What this task involves — Take from the entries below the stretch from the line with "this 1333×1500 image." through the line with "this 1334×1334 image.", and return it exactly, leaving the pictures out.

▼

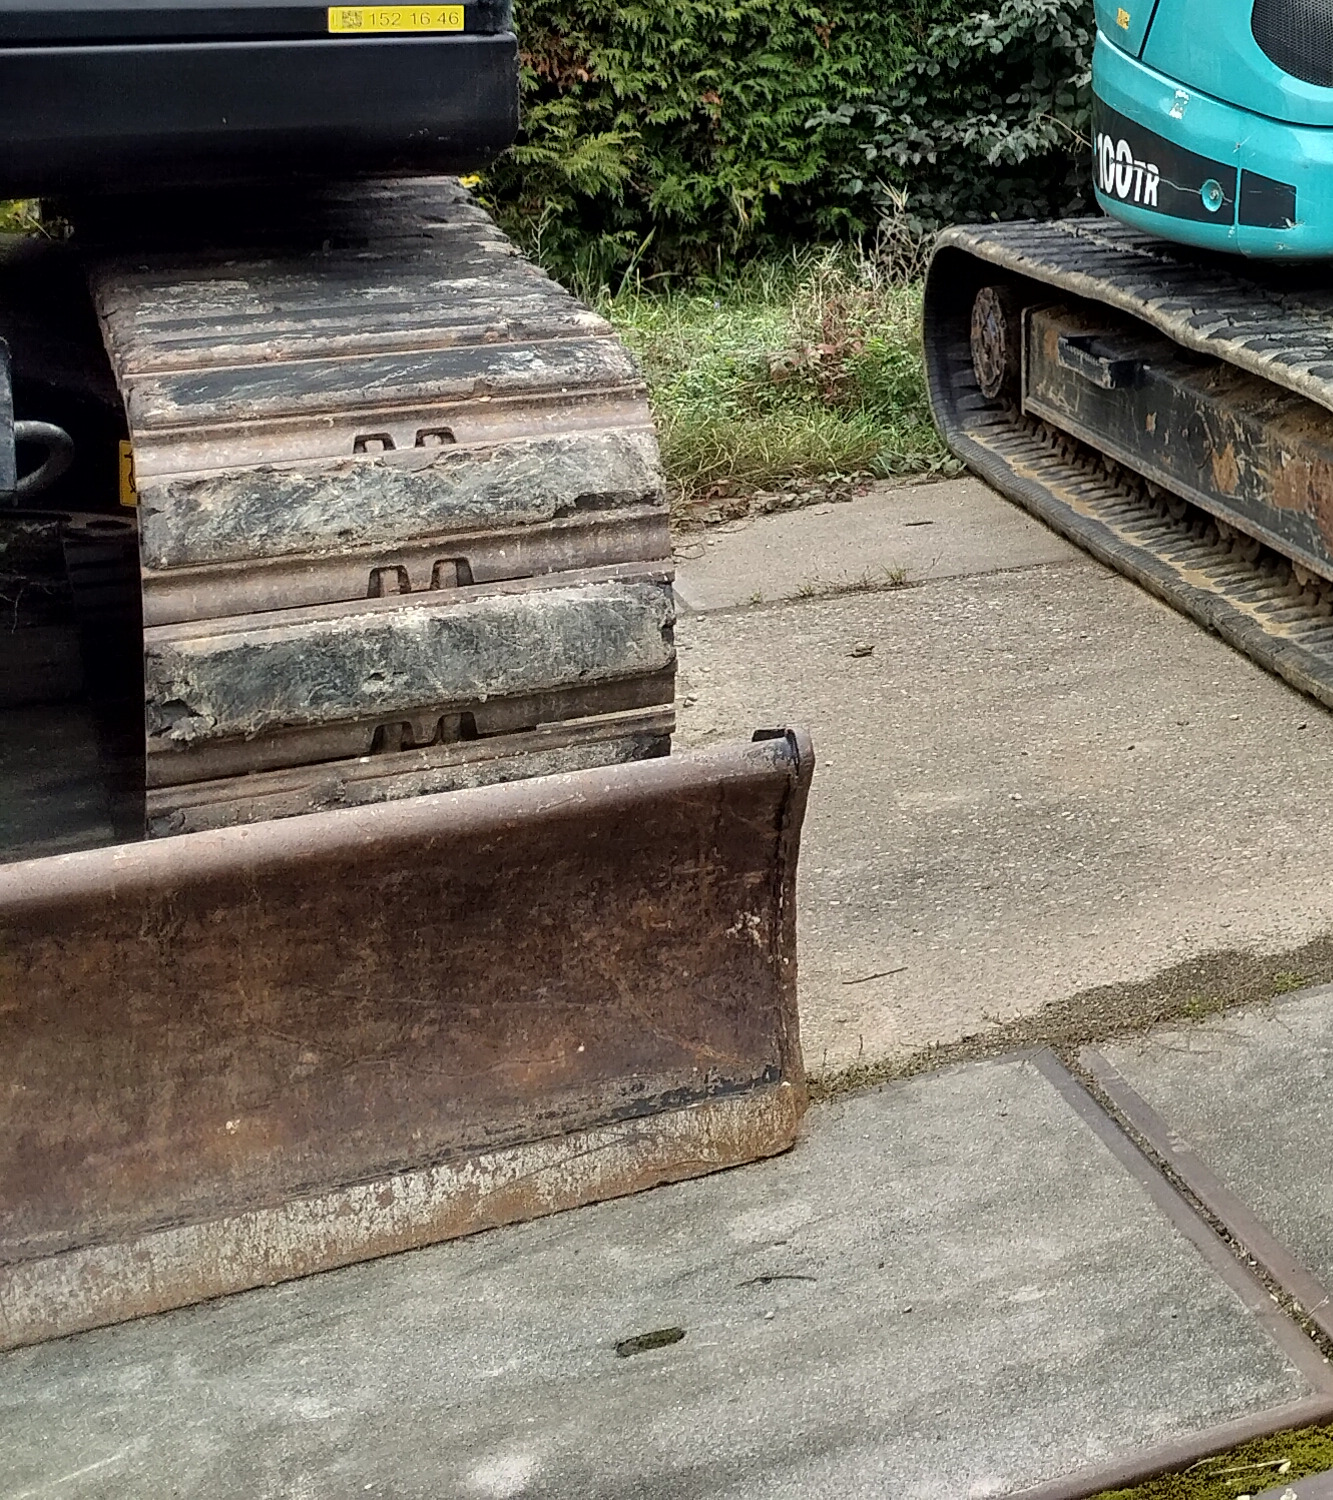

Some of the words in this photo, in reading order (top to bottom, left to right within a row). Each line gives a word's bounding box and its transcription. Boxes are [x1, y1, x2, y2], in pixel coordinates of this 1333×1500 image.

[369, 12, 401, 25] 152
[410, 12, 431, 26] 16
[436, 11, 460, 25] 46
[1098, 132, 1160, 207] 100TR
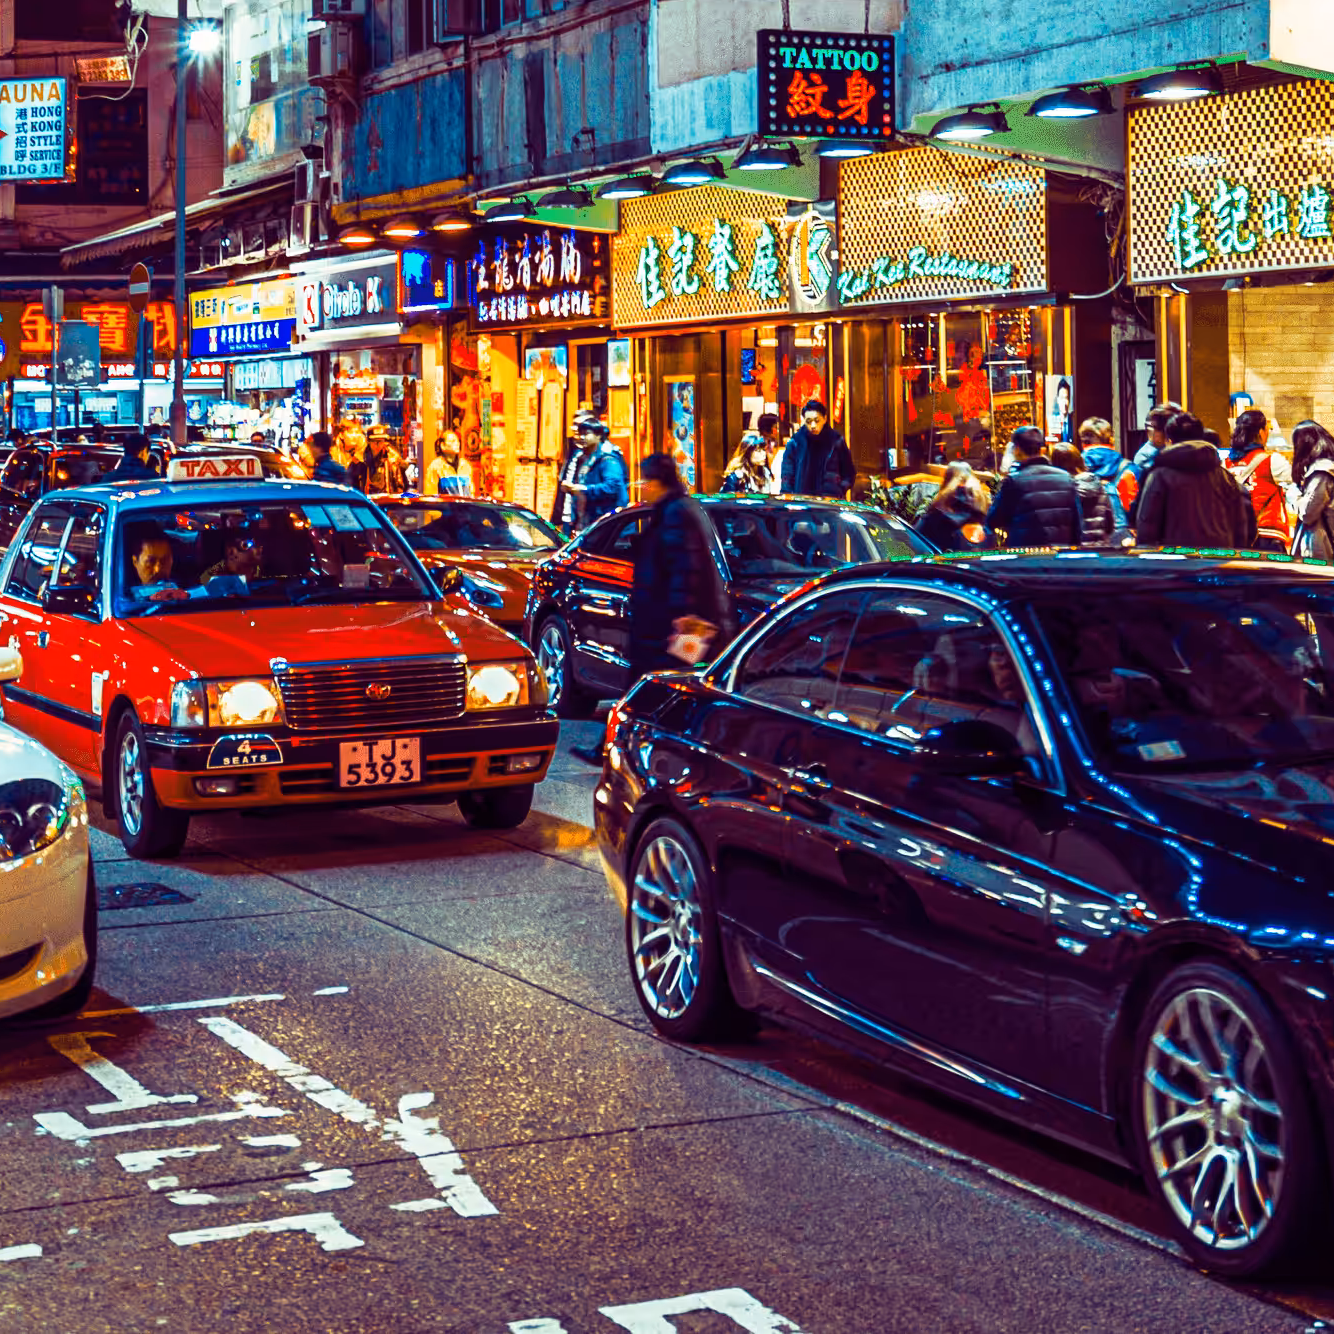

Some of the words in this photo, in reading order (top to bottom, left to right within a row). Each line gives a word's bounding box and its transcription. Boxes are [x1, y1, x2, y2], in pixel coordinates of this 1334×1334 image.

▲
▼

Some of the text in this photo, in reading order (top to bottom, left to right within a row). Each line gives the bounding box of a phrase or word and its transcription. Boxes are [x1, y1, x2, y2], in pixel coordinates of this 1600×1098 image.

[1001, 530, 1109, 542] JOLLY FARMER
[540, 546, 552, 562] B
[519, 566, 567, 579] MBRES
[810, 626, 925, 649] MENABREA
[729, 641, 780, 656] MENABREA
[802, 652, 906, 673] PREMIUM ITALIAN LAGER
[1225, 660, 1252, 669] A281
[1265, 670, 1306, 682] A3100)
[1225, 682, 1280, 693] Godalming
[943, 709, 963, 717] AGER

▲

Reply —
Some of the words in this photo, in reading order (top to bottom, left to right within a row). Each line gives a word's bounding box and its transcription. Boxes are [x1, y1, x2, y2], in pixel coordinates of this 1333×1500 image.

[369, 12, 401, 25] 152
[410, 12, 431, 26] 16
[436, 11, 460, 25] 46
[1098, 132, 1160, 207] 100TR

Some of the words in this photo, in reading order (top to bottom, left to right within a row). Each line gives a word's bounding box and its transcription. Boxes are [x1, y1, x2, y2], in pixel coordinates of this 1334×1334 image.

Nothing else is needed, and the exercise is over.